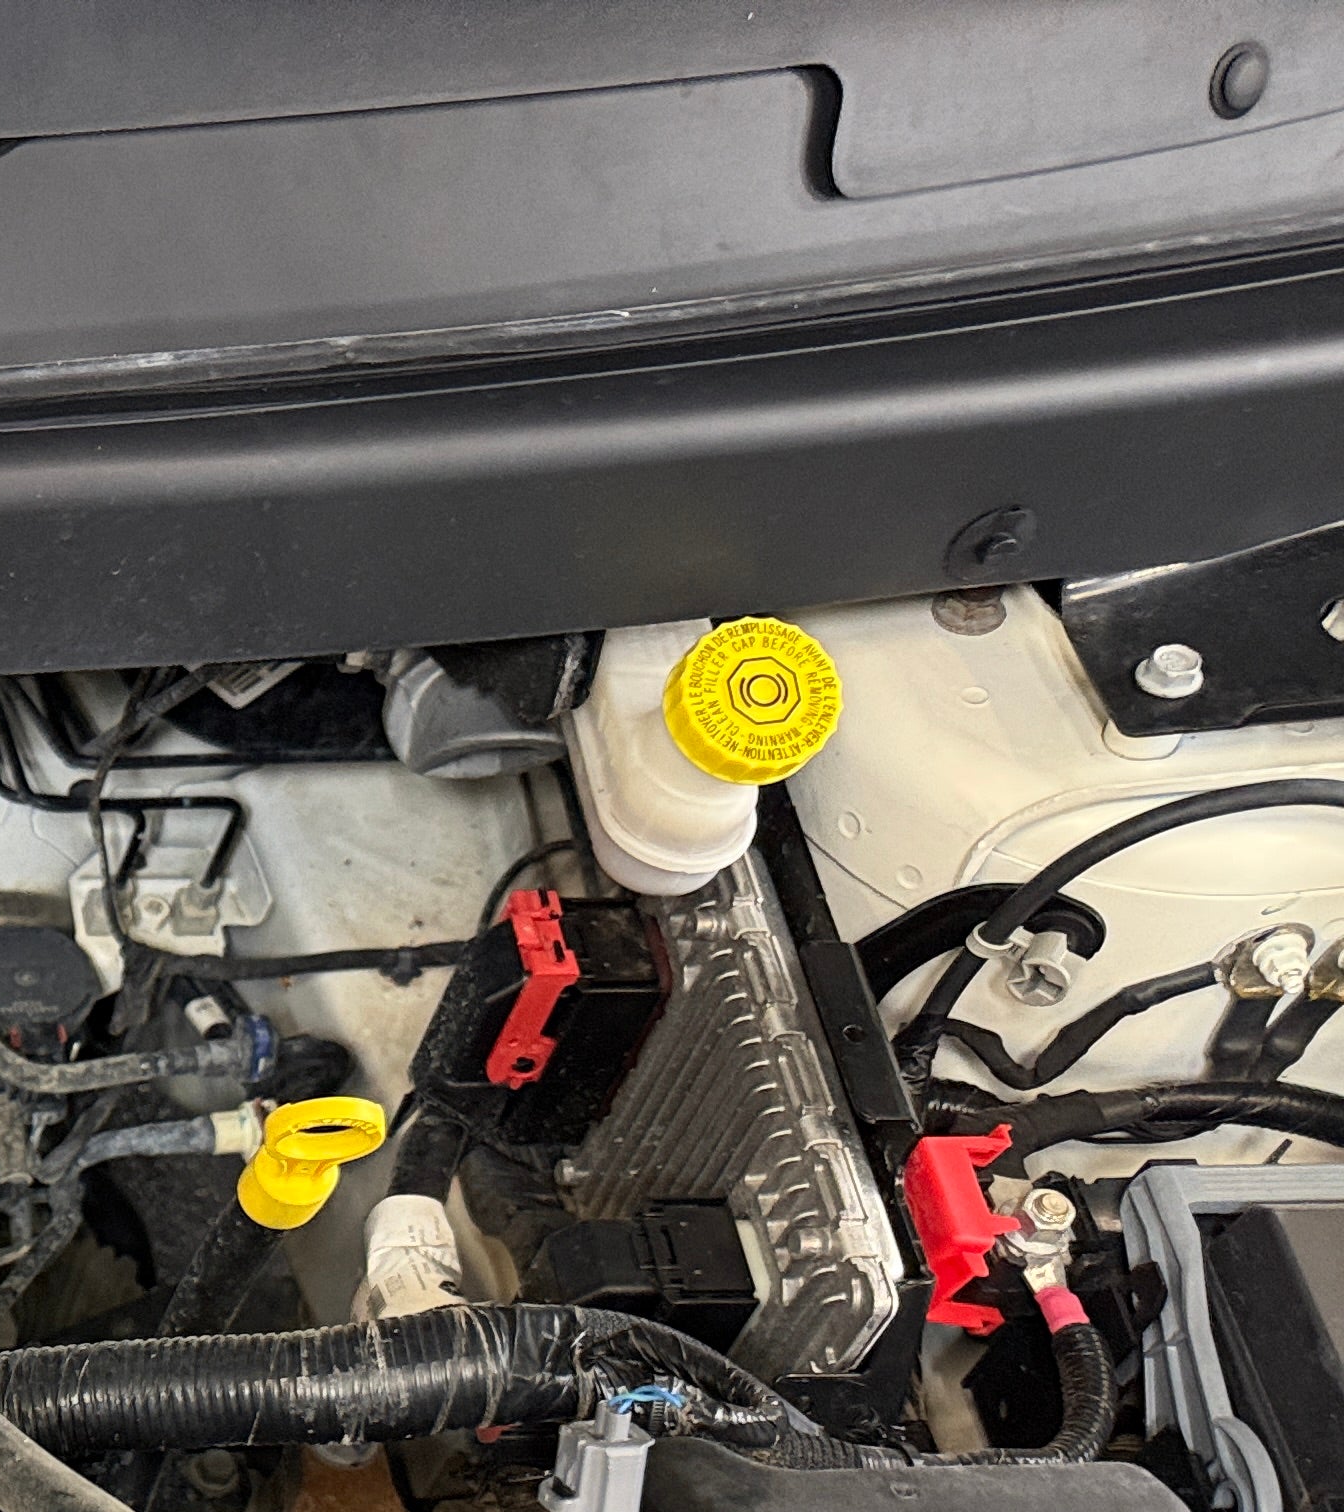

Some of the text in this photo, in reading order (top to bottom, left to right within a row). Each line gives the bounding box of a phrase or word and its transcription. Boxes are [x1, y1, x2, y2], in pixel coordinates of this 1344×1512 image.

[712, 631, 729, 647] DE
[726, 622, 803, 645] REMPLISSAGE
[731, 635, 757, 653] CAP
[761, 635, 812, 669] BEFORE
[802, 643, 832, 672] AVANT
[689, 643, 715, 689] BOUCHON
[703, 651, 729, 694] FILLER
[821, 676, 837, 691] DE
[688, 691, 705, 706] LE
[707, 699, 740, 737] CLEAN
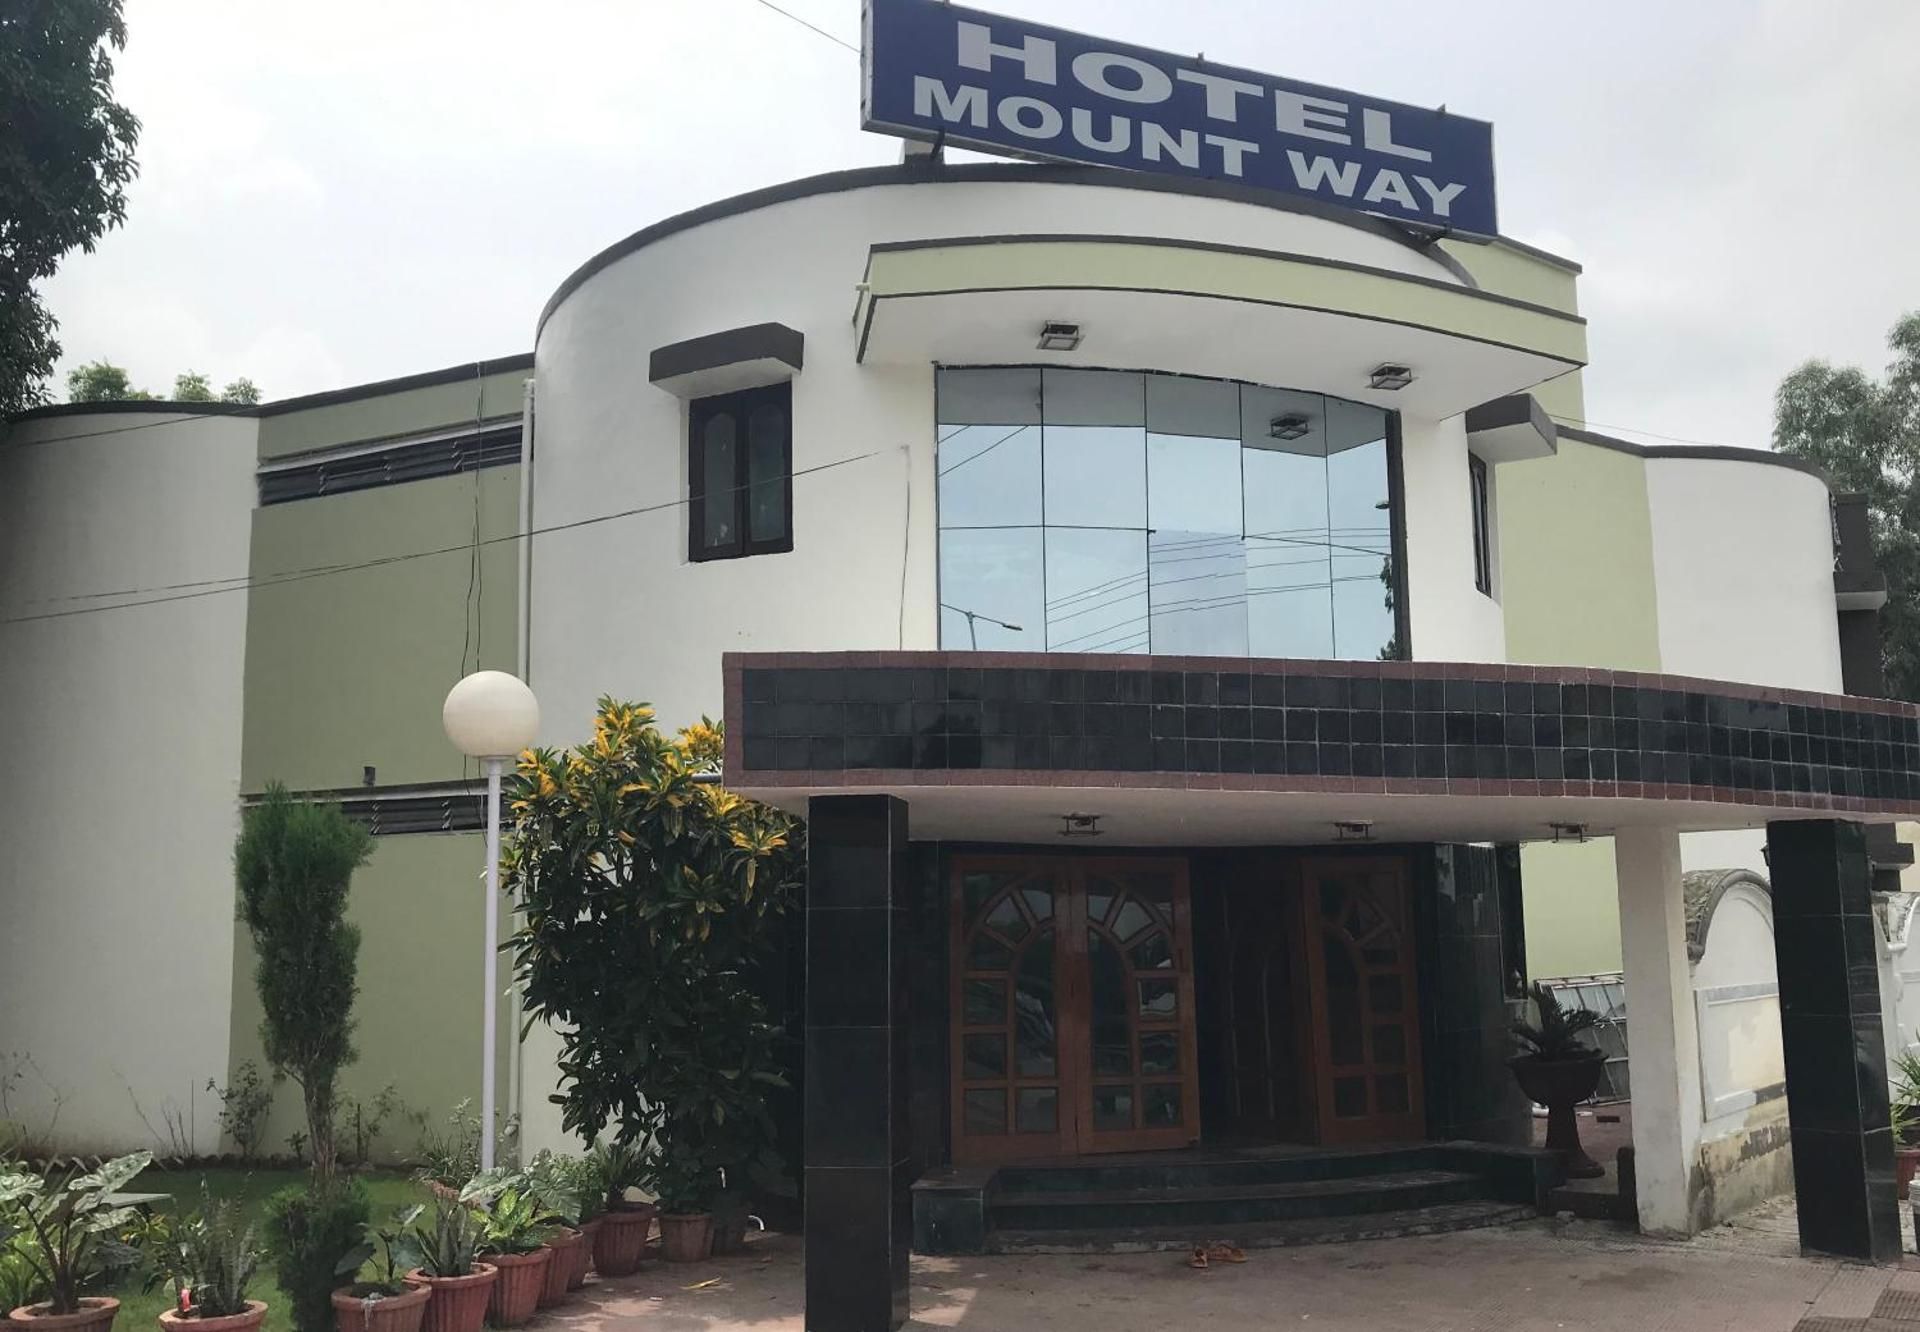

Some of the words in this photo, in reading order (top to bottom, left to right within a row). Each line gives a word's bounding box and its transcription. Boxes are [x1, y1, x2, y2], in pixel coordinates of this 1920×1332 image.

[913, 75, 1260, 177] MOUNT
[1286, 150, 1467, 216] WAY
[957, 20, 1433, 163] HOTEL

WORK INSTRUCTIONS — Drop the images; copy every entry above exactly.

ANSWER —
Some of the text in this photo, in reading order (top to bottom, left to right within a row). Each line gives the bounding box of a phrase or word and its transcription. Boxes are [x1, y1, x2, y2], in pixel coordinates of this 1344×1512 image.

[712, 631, 729, 647] DE
[726, 622, 803, 645] REMPLISSAGE
[731, 635, 757, 653] CAP
[761, 635, 812, 669] BEFORE
[802, 643, 832, 672] AVANT
[689, 643, 715, 689] BOUCHON
[703, 651, 729, 694] FILLER
[821, 676, 837, 691] DE
[688, 691, 705, 706] LE
[707, 699, 740, 737] CLEAN

Some of the words in this photo, in reading order (top to bottom, left to right within a row). Each line gives a word's bounding box and its transcription. Boxes are [x1, y1, x2, y2], in pixel coordinates of this 1920×1332 image.

[913, 75, 1260, 177] MOUNT
[1286, 150, 1467, 216] WAY
[957, 20, 1433, 163] HOTEL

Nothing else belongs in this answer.